_PROBLEM DETAILS_. Omit the pictures and return every entry exactly as written.

_WORKING DATA_.
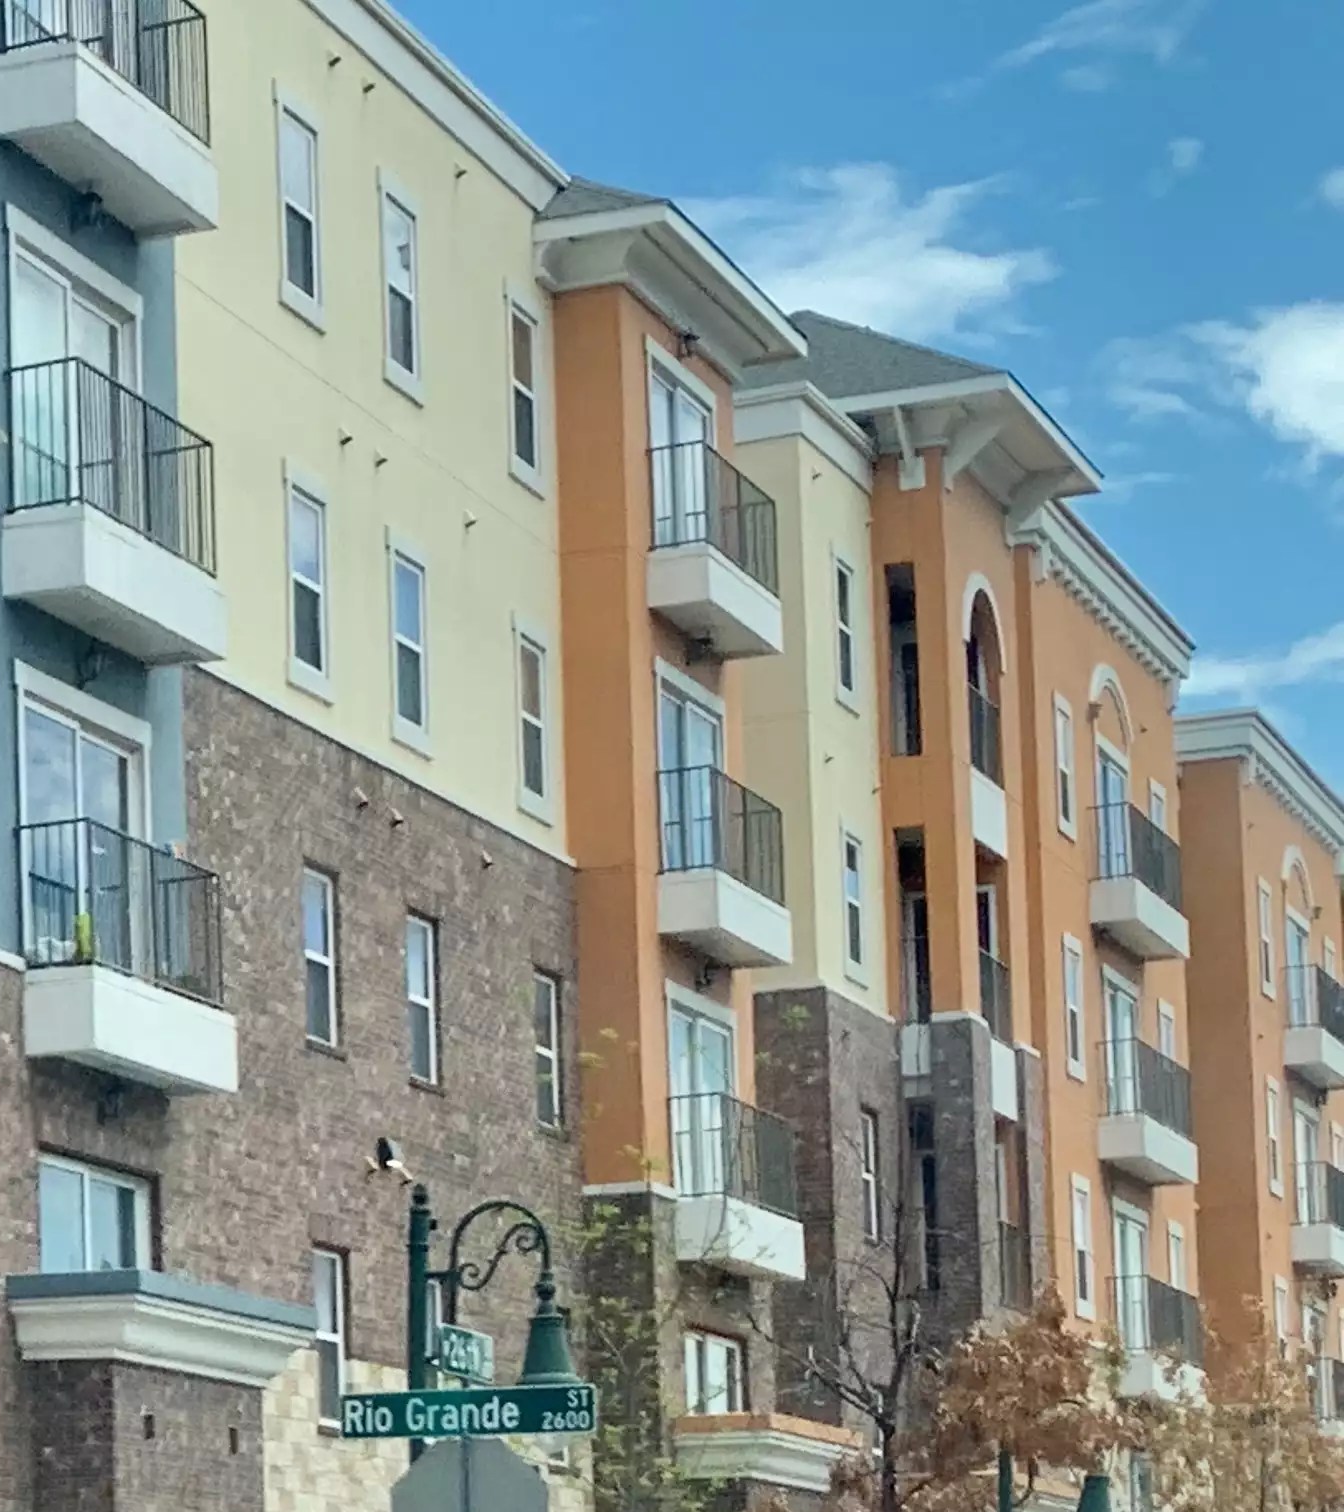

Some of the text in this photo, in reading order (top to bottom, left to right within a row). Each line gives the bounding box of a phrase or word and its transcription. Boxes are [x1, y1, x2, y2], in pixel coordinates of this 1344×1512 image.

[567, 1386, 590, 1408] ST
[344, 1396, 520, 1433] Rio Grande
[542, 1410, 591, 1431] 2600
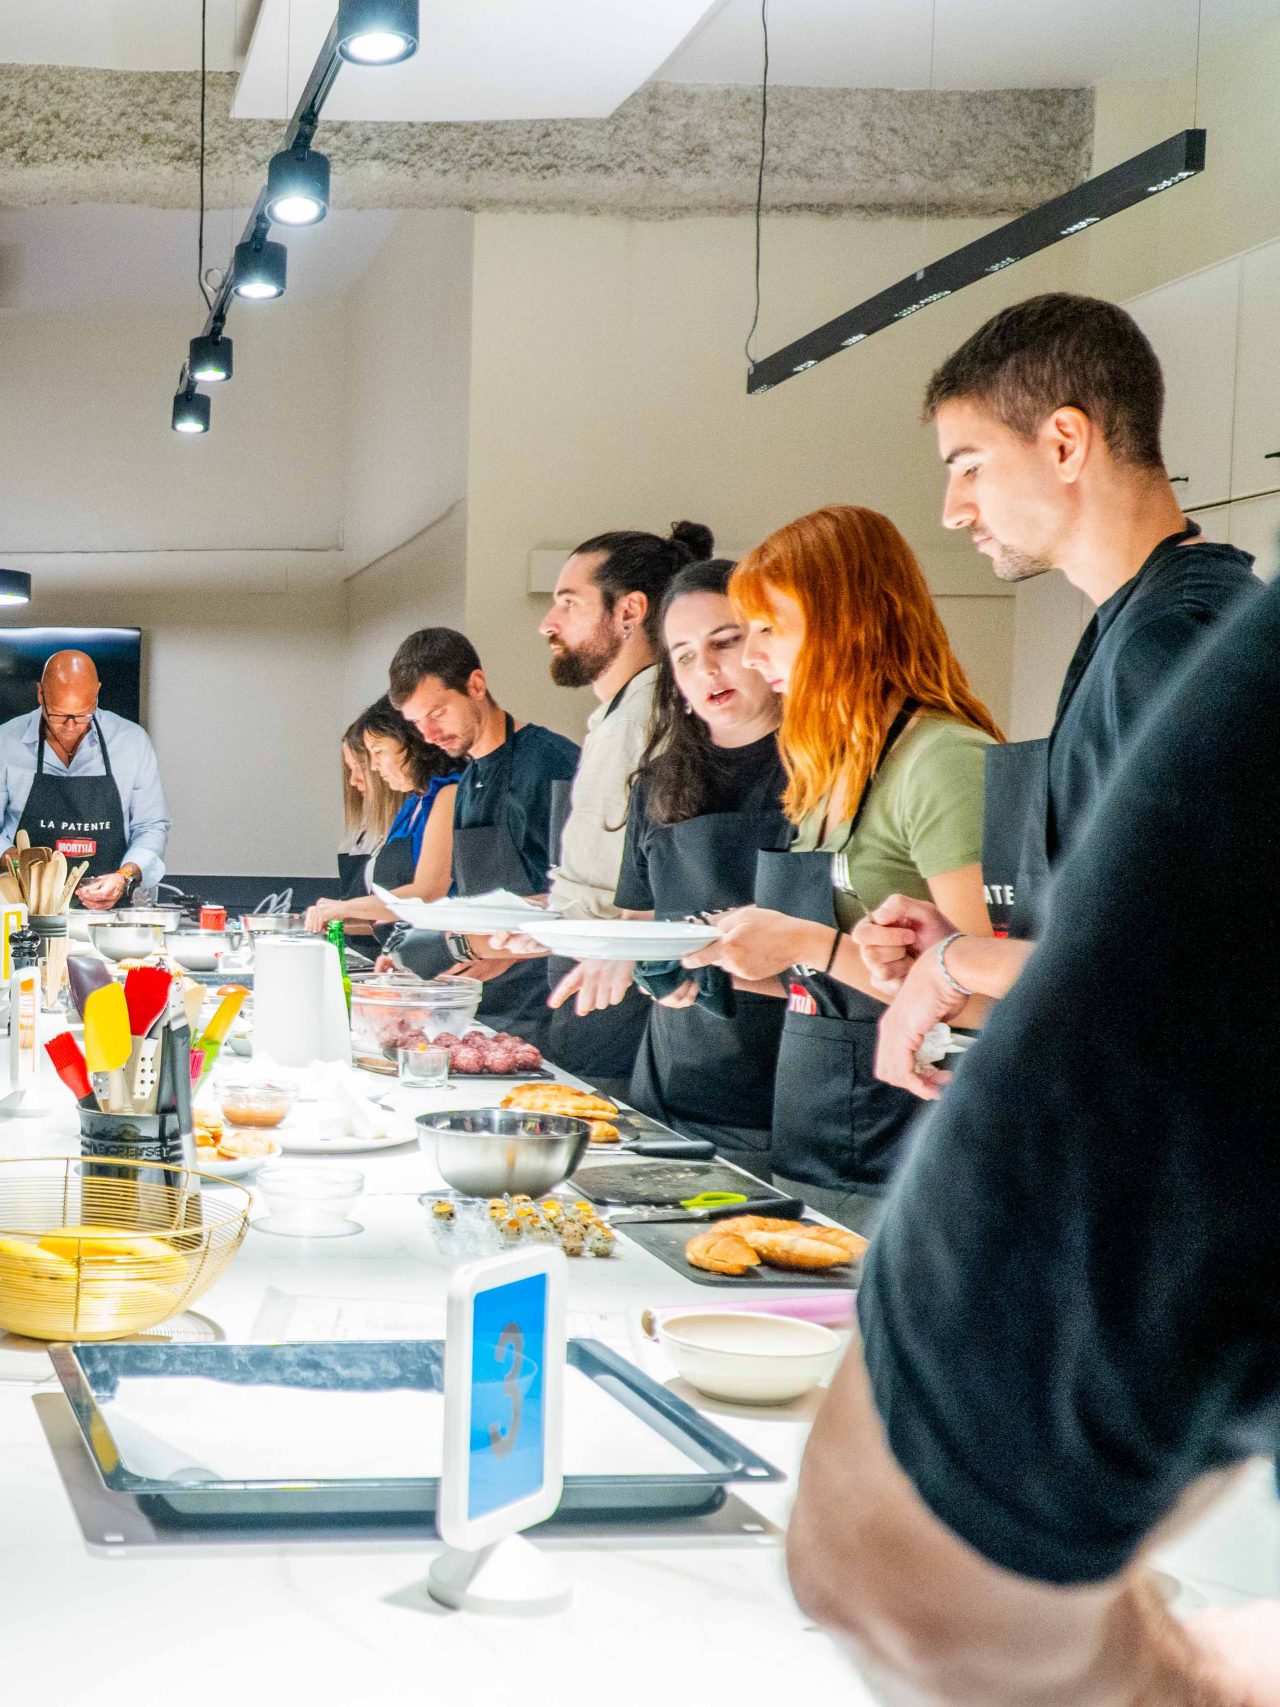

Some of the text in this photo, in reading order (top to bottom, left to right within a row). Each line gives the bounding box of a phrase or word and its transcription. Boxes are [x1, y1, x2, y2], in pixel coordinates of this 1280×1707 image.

[40, 819, 111, 832] LA PATENTE
[489, 1321, 524, 1461] 3

_OUTPUT OF THE EXERCISE_.
Some of the text in this photo, in reading order (top to bottom, left to right within a row). Each line gives the bounding box of a phrase or word and its transcription. Boxes are [x1, y1, x2, y2], in pixel coordinates of this 1344×1512 image.

[567, 1386, 590, 1408] ST
[344, 1396, 520, 1433] Rio Grande
[542, 1410, 591, 1431] 2600

Some of the text in this photo, in reading order (top to bottom, left to right within a row). Each line gives the bounding box of a phrase or word and its transcription. Boxes are [x1, y1, x2, y2], in pixel coordinates of this 1280×1707 image.

[40, 819, 111, 832] LA PATENTE
[489, 1321, 524, 1461] 3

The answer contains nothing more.